§ Record set
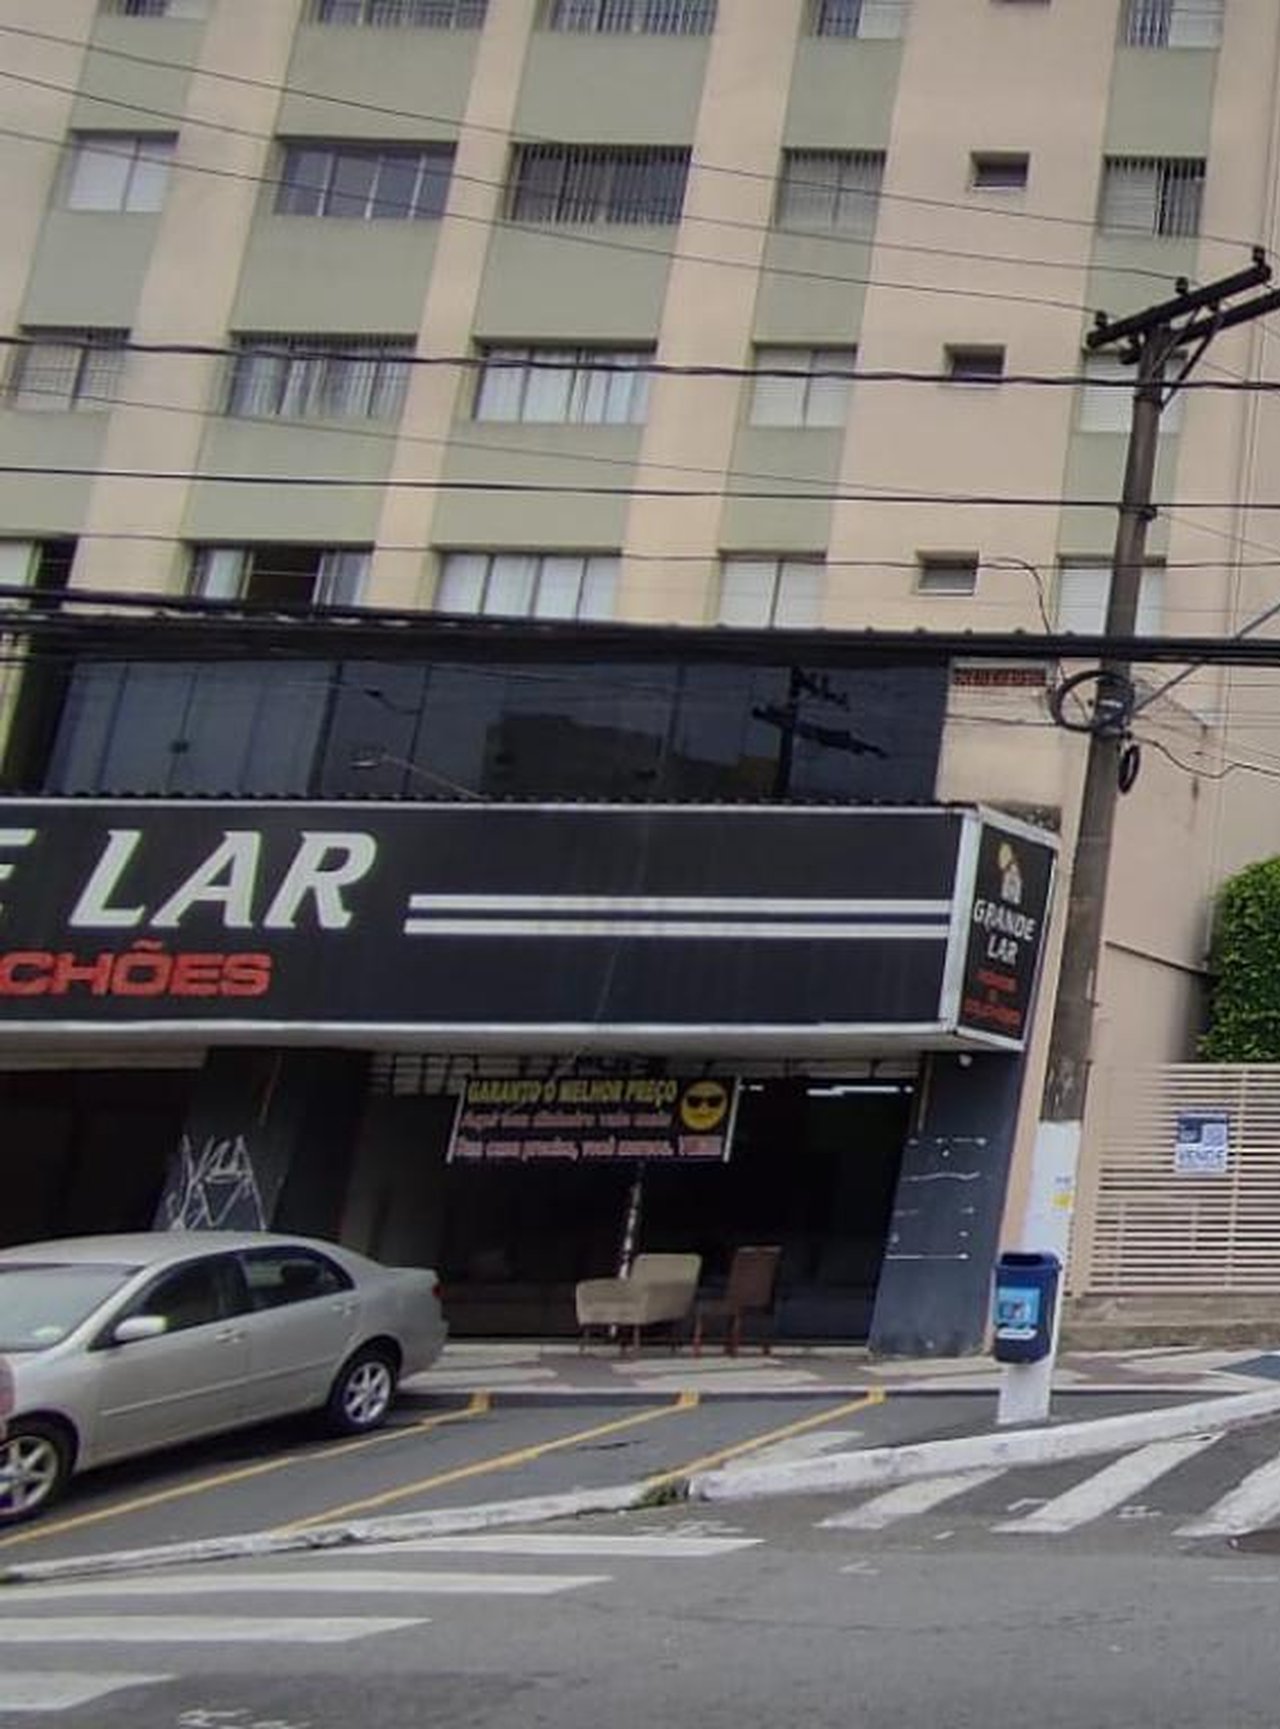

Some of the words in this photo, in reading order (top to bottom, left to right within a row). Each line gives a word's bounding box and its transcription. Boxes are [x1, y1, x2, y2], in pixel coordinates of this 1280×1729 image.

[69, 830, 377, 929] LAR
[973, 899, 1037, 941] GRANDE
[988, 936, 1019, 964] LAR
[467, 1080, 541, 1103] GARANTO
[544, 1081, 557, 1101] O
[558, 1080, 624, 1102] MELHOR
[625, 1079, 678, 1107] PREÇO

§ Brief
Copy the listing exactly, omitting pictures.

§ Solution to this problem
Some of the words in this photo, in reading order (top to bottom, left to right within a row). Each line gives a word's bounding box and its transcription. Boxes are [x1, y1, x2, y2], in pixel coordinates of this 1280×1729 image.

[69, 830, 377, 929] LAR
[973, 899, 1037, 941] GRANDE
[988, 936, 1019, 964] LAR
[467, 1080, 541, 1103] GARANTO
[544, 1081, 557, 1101] O
[558, 1080, 624, 1102] MELHOR
[625, 1079, 678, 1107] PREÇO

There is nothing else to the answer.